**Your goal**
Transcribe, without alteration, only the lines from the one containing "Some of the words" through the last line of the material, both ends included.

**Dataset records**
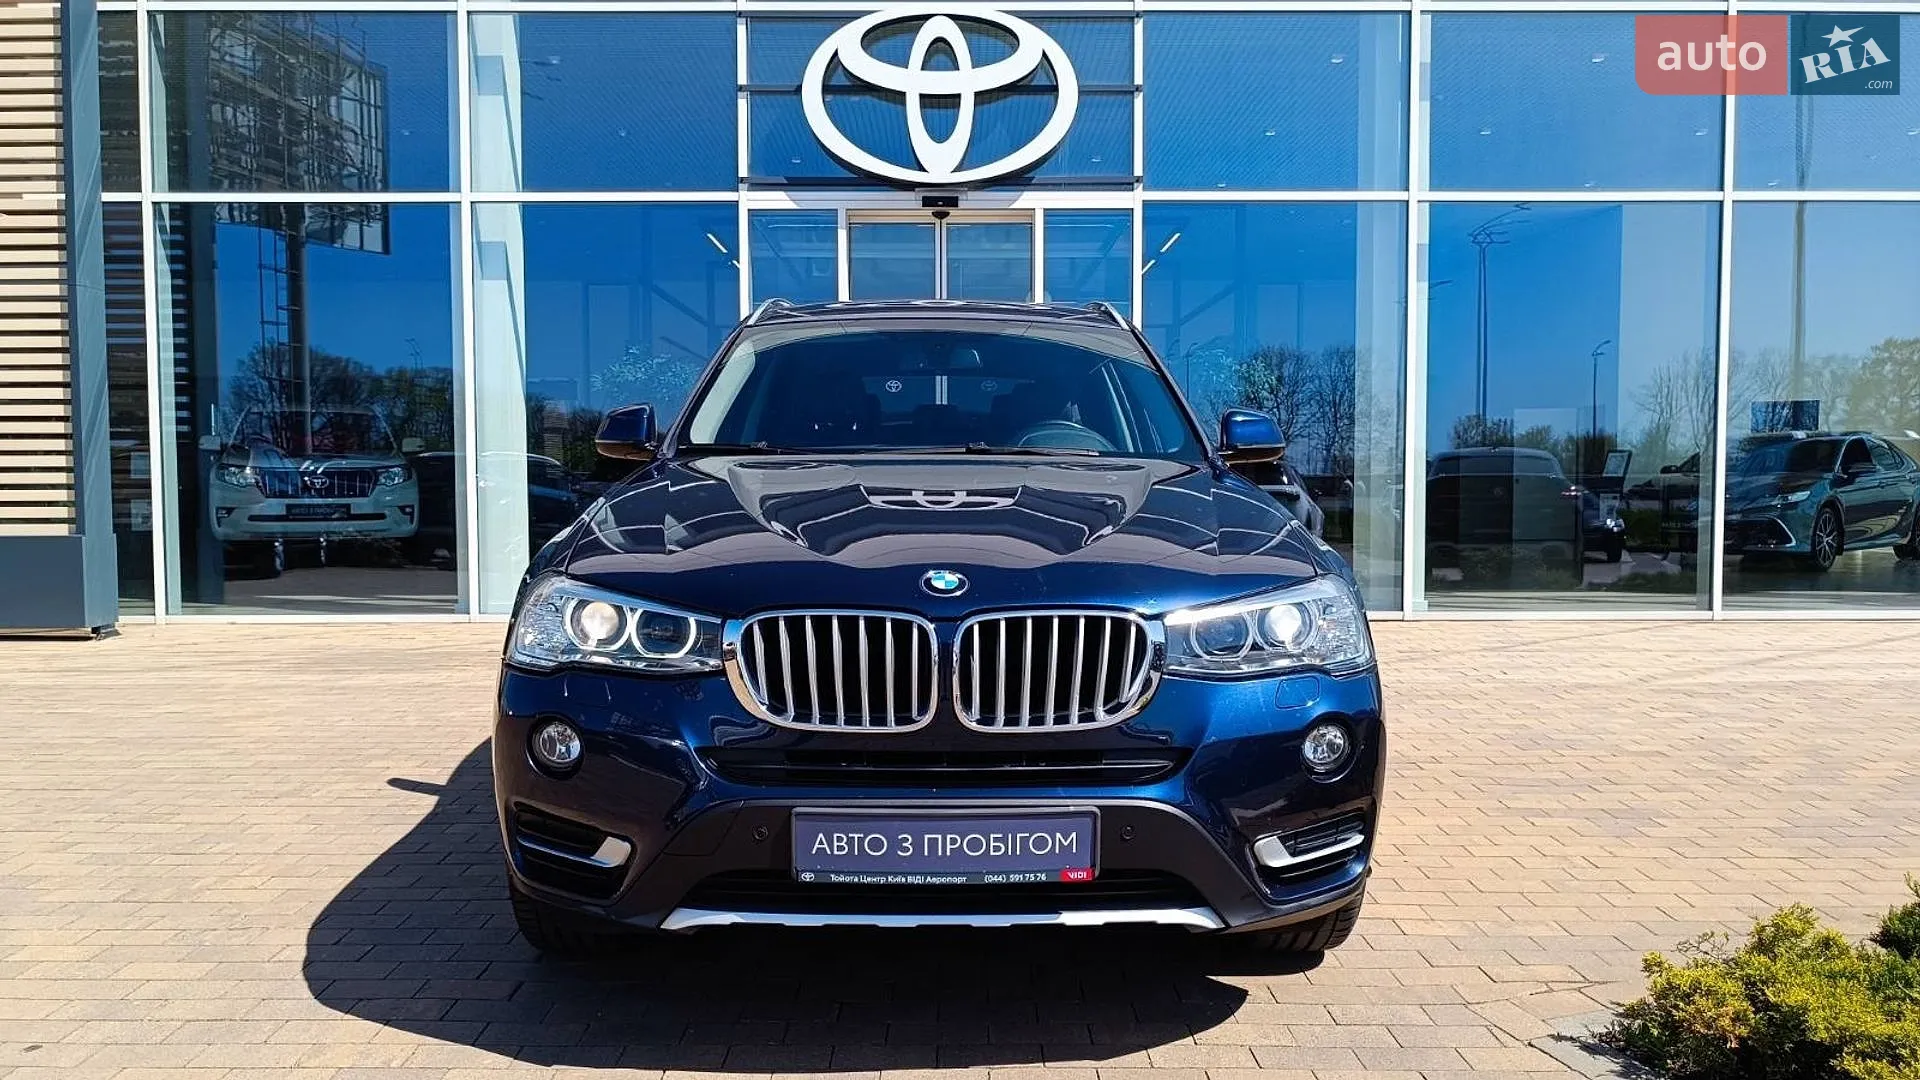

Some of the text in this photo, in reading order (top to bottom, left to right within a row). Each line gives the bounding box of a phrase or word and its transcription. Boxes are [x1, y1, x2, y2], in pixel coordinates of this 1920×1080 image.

[812, 832, 1077, 856] АВТО З ПРОБІГОМ
[830, 874, 858, 882] Тойота
[860, 875, 886, 884] Центр
[888, 875, 906, 883] Київ
[926, 876, 967, 884] Аеропорт
[984, 873, 1006, 883] (044)
[1067, 871, 1087, 879] VIDI
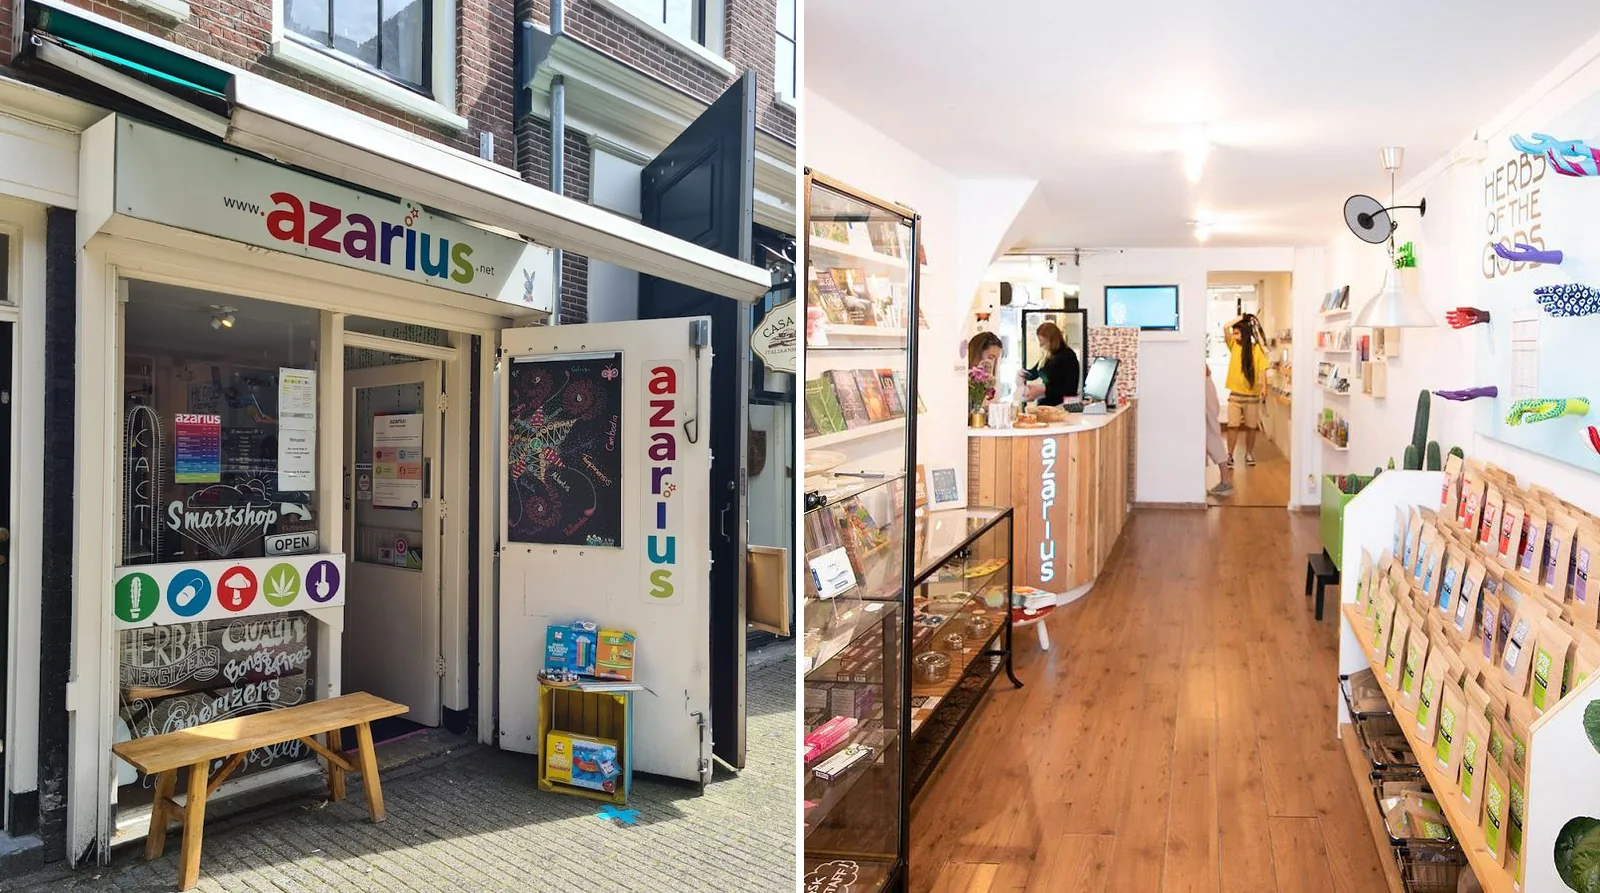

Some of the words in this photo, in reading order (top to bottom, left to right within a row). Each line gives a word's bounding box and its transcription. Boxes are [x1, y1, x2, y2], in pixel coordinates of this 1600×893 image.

[1485, 152, 1546, 208] HERBS
[1487, 205, 1506, 236] OF
[1508, 188, 1542, 227] THE
[1482, 223, 1545, 279] GODS
[762, 316, 795, 338] CASA
[175, 413, 221, 424] azarius
[605, 414, 619, 452] Cambodia
[134, 428, 150, 546] CACTI
[648, 366, 677, 599] azarius
[167, 500, 278, 535] Smartshop
[1040, 437, 1056, 582] azarius
[274, 536, 310, 552] OPEN
[119, 621, 209, 669] HERBAL
[222, 616, 312, 653] QUALITY
[120, 648, 218, 688] ENERGIZERS

**Answer**
Some of the words in this photo, in reading order (top to bottom, left to right within a row). Each line gives a word's bounding box and its transcription. Boxes are [x1, y1, x2, y2], in pixel coordinates of this 1600×893 image.

[1485, 152, 1546, 208] HERBS
[1487, 205, 1506, 236] OF
[1508, 188, 1542, 227] THE
[1482, 223, 1545, 279] GODS
[762, 316, 795, 338] CASA
[175, 413, 221, 424] azarius
[605, 414, 619, 452] Cambodia
[134, 428, 150, 546] CACTI
[648, 366, 677, 599] azarius
[167, 500, 278, 535] Smartshop
[1040, 437, 1056, 582] azarius
[274, 536, 310, 552] OPEN
[119, 621, 209, 669] HERBAL
[222, 616, 312, 653] QUALITY
[120, 648, 218, 688] ENERGIZERS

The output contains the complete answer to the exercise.